Should agents be able to escalate? OpenAI's bidirectional handoffs are the boldest design choice in this survey. An agent can say "I can't handle this, passing back to you." No other framework makes this a first-class primitive. But bidirectional communication is also the fastest path to infinite loops and the 9-day relay case. Is the escalation capability worth the risk?

How deep should nesting go? The research is clear: two-level hierarchies outperform deeper ones. But OpenClaw allows depth 5, AutoGen allows unlimited, and LangGraph defaults to 25 supersteps. Are these limits set by engineering convenience or by evidence? And does the "telephone game" — information degrading through each level — impose a hard ceiling regardless of framework design?
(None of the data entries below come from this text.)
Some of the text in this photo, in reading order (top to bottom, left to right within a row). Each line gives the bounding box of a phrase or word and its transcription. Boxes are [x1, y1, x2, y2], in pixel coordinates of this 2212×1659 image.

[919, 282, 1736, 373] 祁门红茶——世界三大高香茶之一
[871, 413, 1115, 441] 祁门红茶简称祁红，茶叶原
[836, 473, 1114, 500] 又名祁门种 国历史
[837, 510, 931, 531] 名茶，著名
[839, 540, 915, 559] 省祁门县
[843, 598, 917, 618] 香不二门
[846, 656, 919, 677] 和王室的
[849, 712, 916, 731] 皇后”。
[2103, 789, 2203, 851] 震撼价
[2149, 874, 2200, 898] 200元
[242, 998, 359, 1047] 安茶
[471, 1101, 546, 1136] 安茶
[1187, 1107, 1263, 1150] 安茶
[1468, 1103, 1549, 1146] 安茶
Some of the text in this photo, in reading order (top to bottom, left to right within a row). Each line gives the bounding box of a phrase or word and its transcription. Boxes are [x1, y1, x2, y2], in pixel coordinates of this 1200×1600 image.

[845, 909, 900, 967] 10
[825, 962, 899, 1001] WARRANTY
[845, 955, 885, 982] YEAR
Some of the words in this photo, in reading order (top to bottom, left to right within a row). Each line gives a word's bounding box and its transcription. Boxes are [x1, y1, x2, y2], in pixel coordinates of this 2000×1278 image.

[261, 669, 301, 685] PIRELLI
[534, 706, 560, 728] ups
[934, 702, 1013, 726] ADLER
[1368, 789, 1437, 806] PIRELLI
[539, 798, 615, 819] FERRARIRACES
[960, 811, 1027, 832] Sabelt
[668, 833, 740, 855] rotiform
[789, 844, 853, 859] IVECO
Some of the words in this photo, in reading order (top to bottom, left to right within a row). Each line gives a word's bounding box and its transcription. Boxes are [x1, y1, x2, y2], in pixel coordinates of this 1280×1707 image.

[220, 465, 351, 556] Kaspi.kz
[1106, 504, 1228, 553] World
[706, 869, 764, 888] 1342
Can lateral communication replace hierarchy? LangGraph's swarm mode and OpenAI's handoff mesh both enable peer-to-peer patterns. These are more flexible than trees but harder to debug. MARBLE benchmarks evaluate multi-agent collaboration across star, chain, tree, and graph topologies, but nobody has shown which topology produces the best outcomes for which task types. We explored related failure patterns in multi-agent coordination.

Does shared state beat message passing? Google ADK's "shared digital whiteboard" and LangGraph's shared state graphs let agents coordinate through data rather than conversation. This avoids the protocol complexity of messaging but creates hidden coupling — any agent can read or overwrite state that another agent depends on. Is implicit coordination through shared state more reliable than explicit message passing?

What does monitoring look like for nested agents? The task registry pattern gives parents visibility into sub-agent state. But when agents nest three levels deep, who's watching the watchers? Current frameworks either provide no monitoring (Claude Code) or basic announce mechanisms (OpenClaw). The gap between "spawned a subagent" and "here's what it's doing right now" is where most production failures hide.

Most frameworks chose restriction over flexibility — one-way communication, shallow nesting, no peer interaction. The ones that chose flexibility got infinite loops and 87% failure rates. The question isn't which direction is right. It's whether there's a middle ground that enables rich coordination without the chaos.